We don't usually think of our choices that way, a choosing of masters.  Most of us don't like thinking that way, many don't want to be mastered at all and insist we are the masters of our domain.  Jesus paints the picture as a choice between something like that above, and the one, true, living God.  Because we are going to set up systems in our lives to deal with discomfort, and fear, and the unknown.  Which will it be?

And for those of us who already want to turn our backs on worry, the question might be, how?  How do we turn it off?  Seriously?  Is it as simple as a choice?  How do we override the underlying instinct that drives our worry?  How do we become less obsessed with avoiding trauma and making sure we stay safe and comfortable?

I'd say every one of us already knows how.  We do it all the time, we're good at it.  Because when our bodies start to tell us to slow down, or take a break, or heal, do we all listen and stop immediately?  At the first sign of pain or soreness or, heck, even sunburn, do we all do a very good job taking care of ourselves right away?  NO.  When we want something bad enough, we work on in spite of discomfort.  When our bodies are saying, "Stop, you fool,"  we sometimes march right on and make them submit.  We hear more drastic stories of mothers lifting cars off of babies, and people charging into burning buildings.  Human beings are notorious for disregarding themselves when something more important is at stake.

So I hear Jesus putting that kind of choice to us.  And not only putting it to us, but we see him take it up himself.
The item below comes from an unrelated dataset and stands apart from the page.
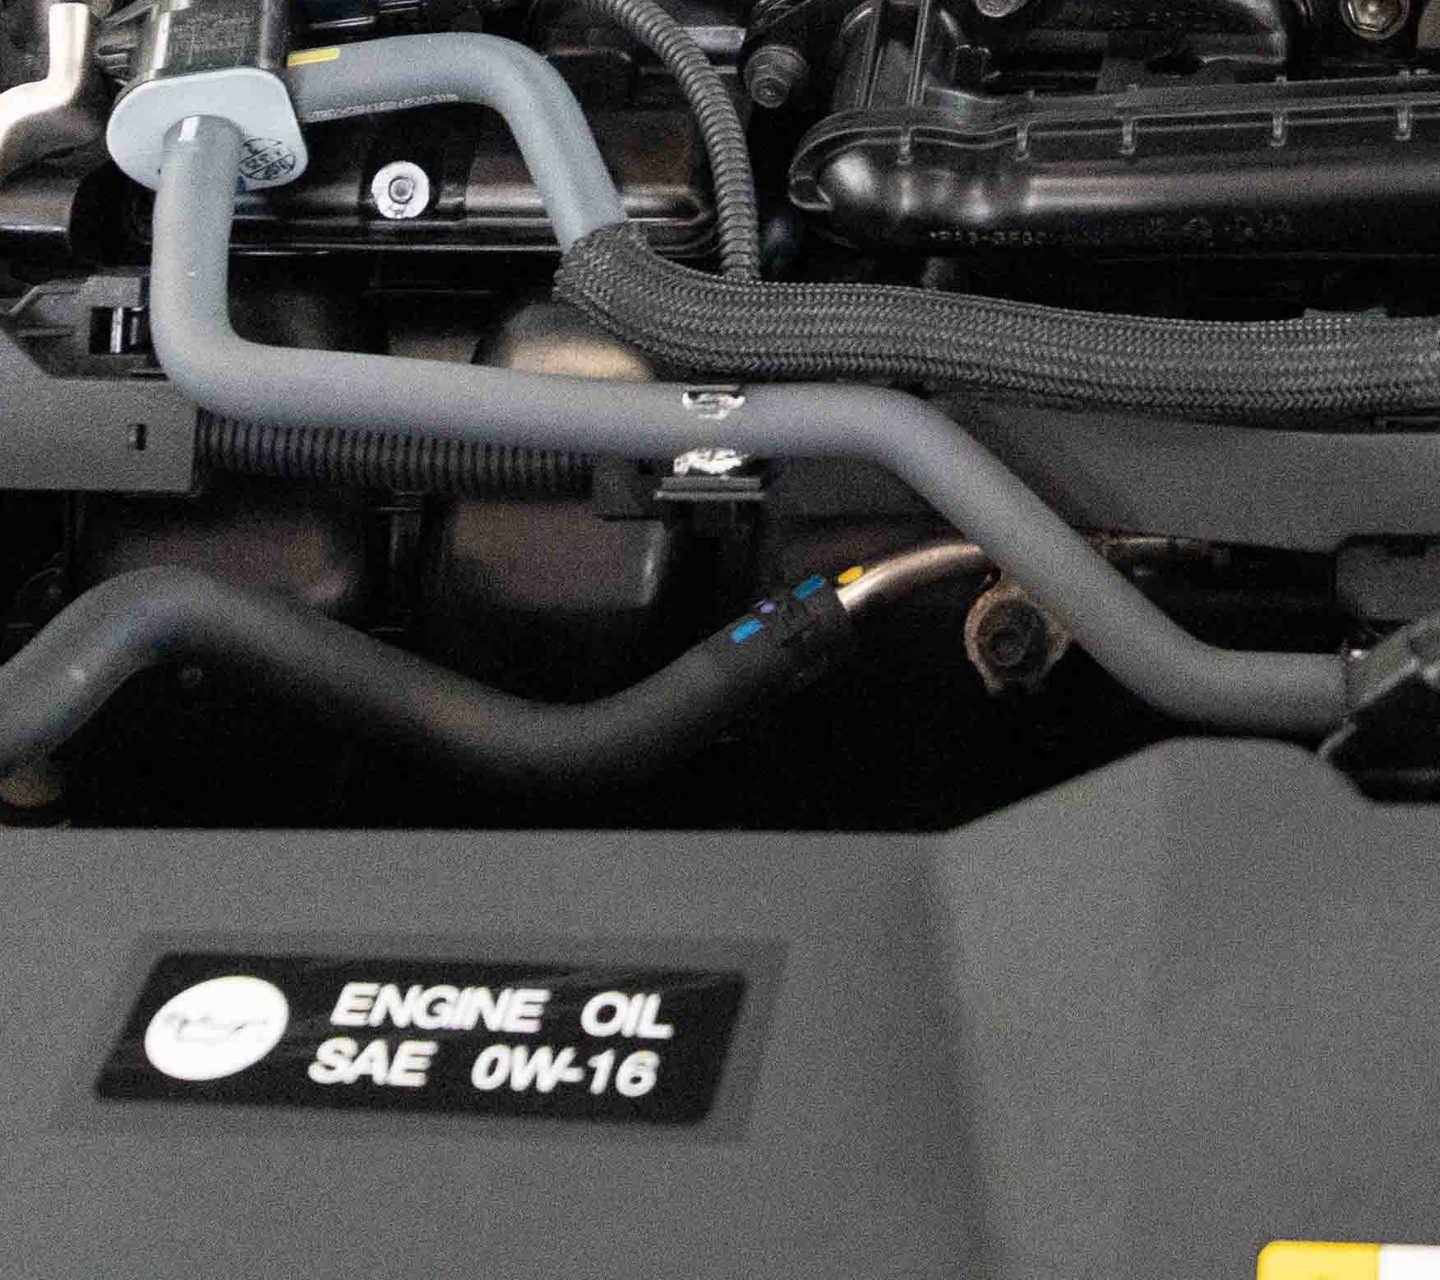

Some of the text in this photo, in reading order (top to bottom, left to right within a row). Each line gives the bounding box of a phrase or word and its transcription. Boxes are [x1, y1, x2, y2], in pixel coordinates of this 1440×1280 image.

[330, 981, 674, 1040] ENGINE OIL
[307, 1037, 660, 1098] SAE 0W-16
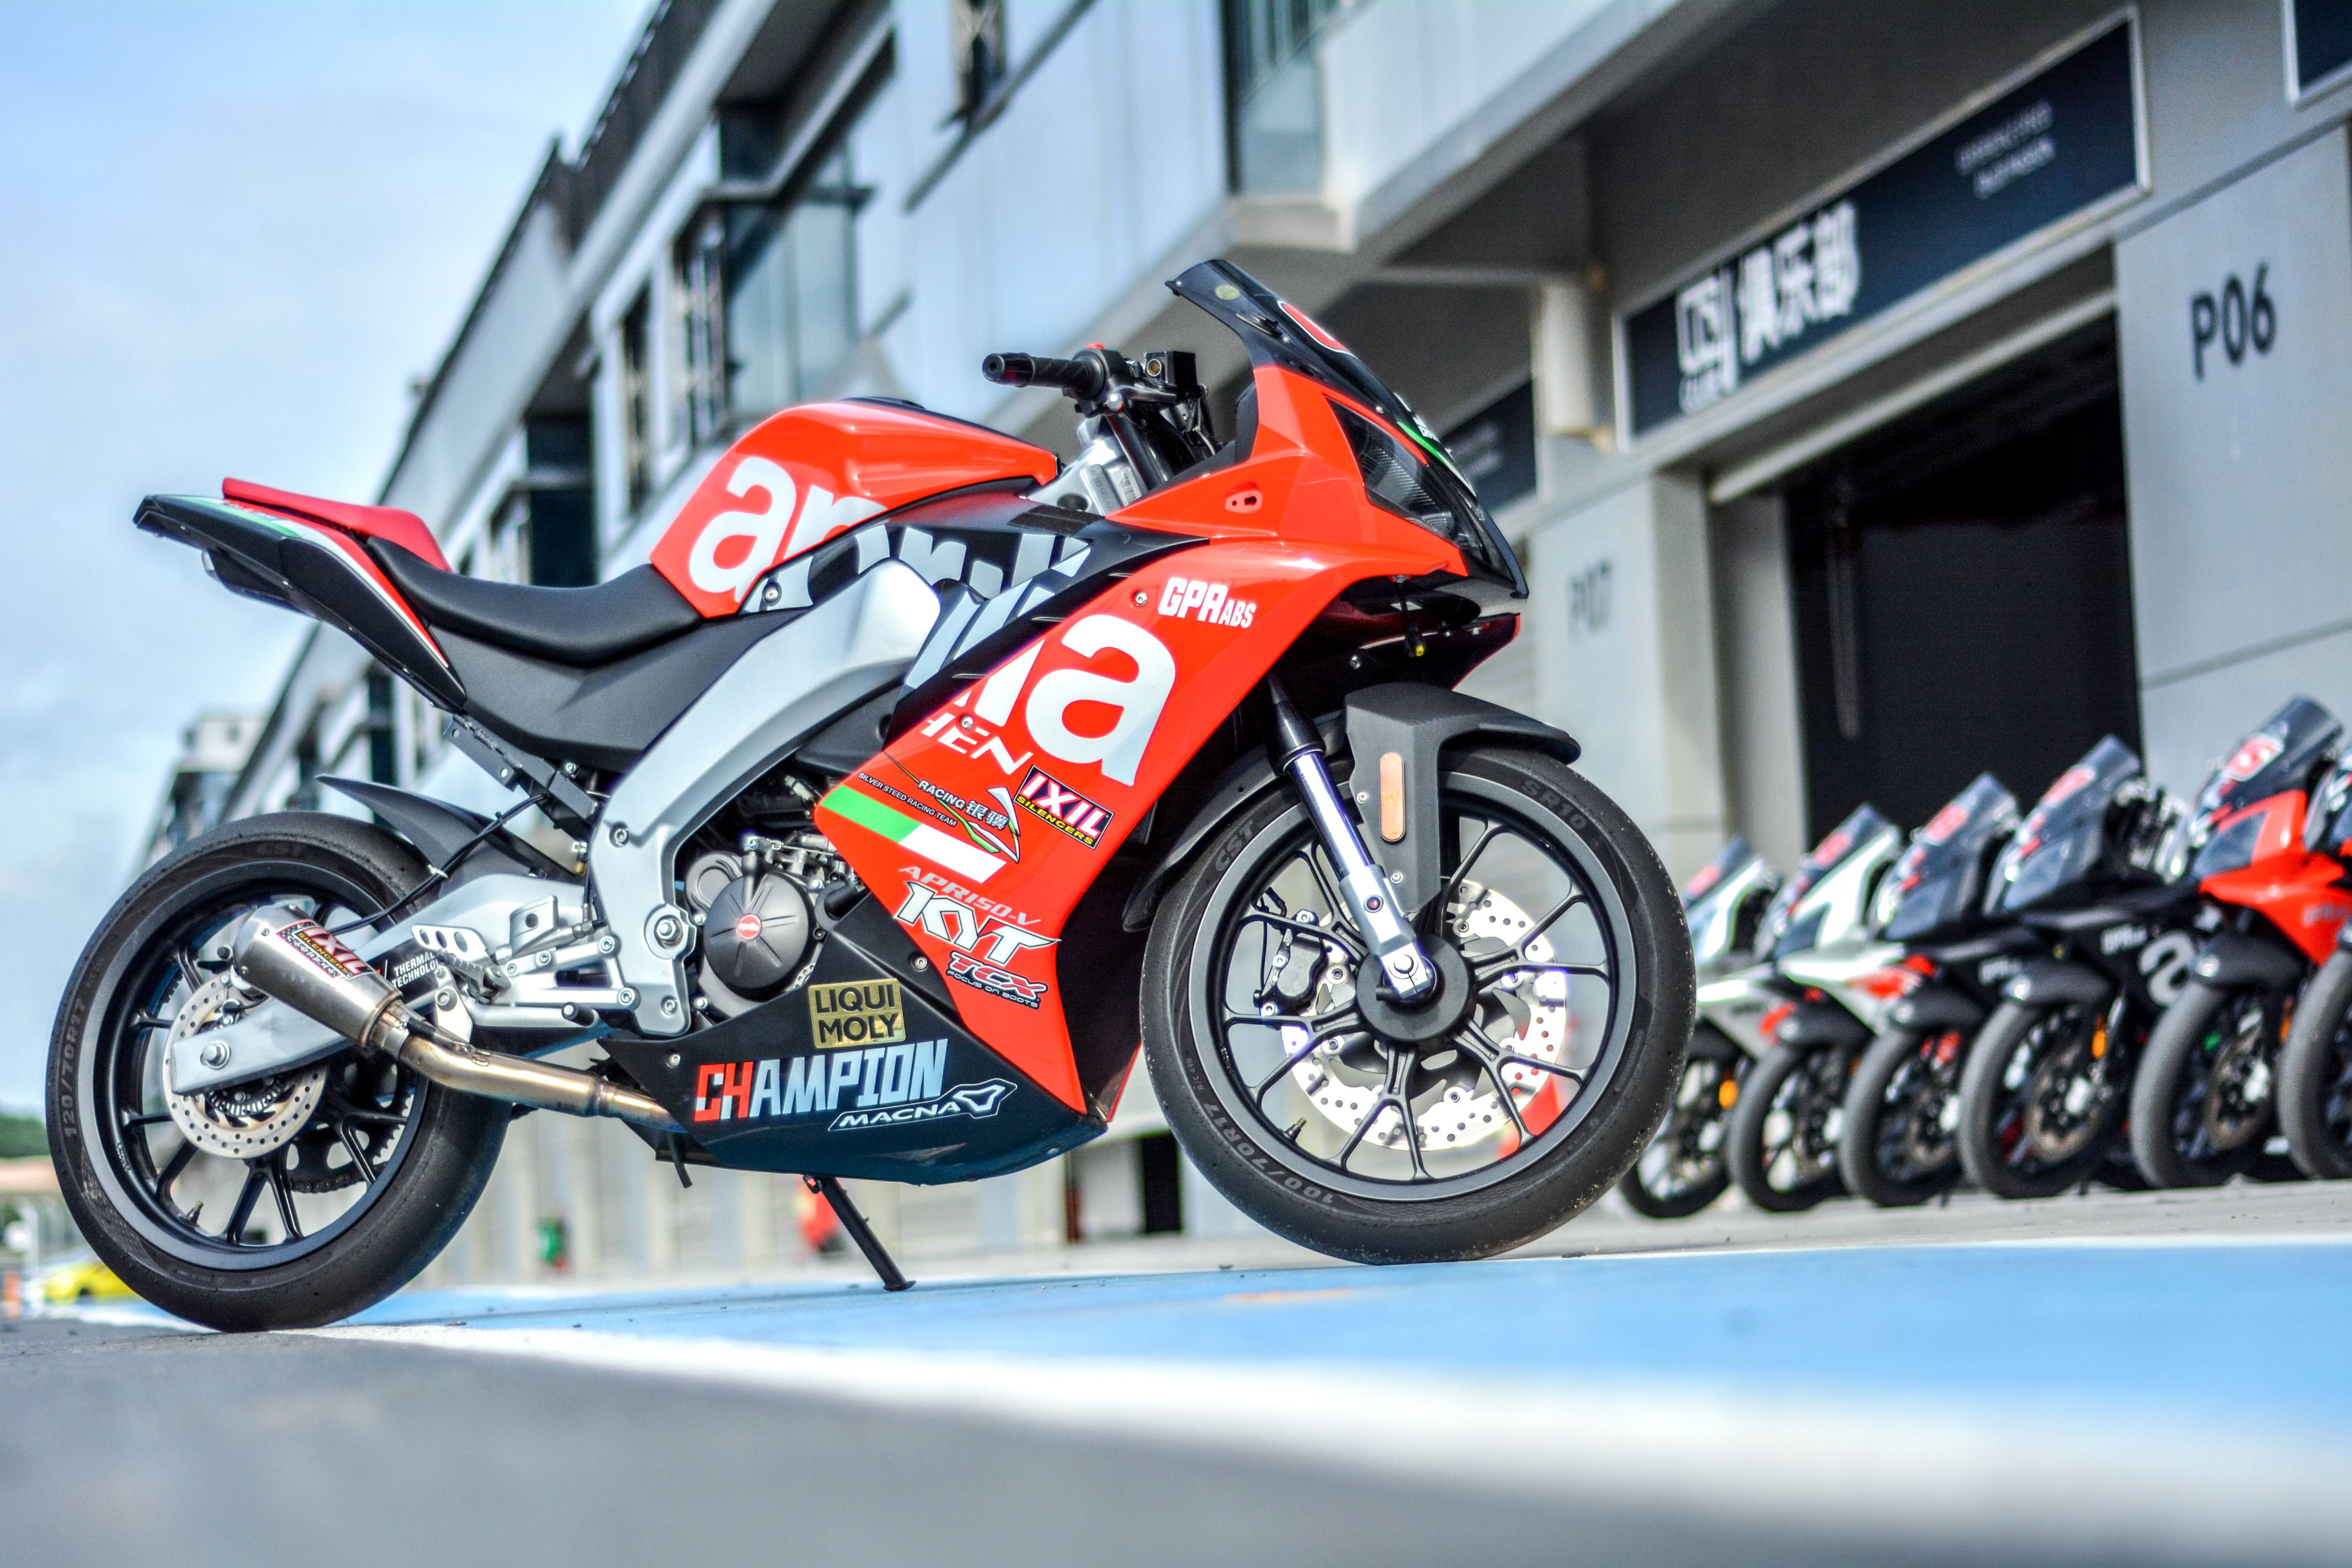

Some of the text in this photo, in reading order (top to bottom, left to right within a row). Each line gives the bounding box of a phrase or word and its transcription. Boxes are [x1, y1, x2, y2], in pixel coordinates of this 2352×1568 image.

After all, this is God in the flesh.  And is there any good reason that God should have ever had to know the trauma of pain?  Any good reason God, the God of All Things, should have ever had to experience the trauma of death?  No!  Except that God saw our lives at stake, and his love moved him.  Because some of us might believe that there are things worth enduring some trauma for.  And all of us get a chance to choose, even to choose our master.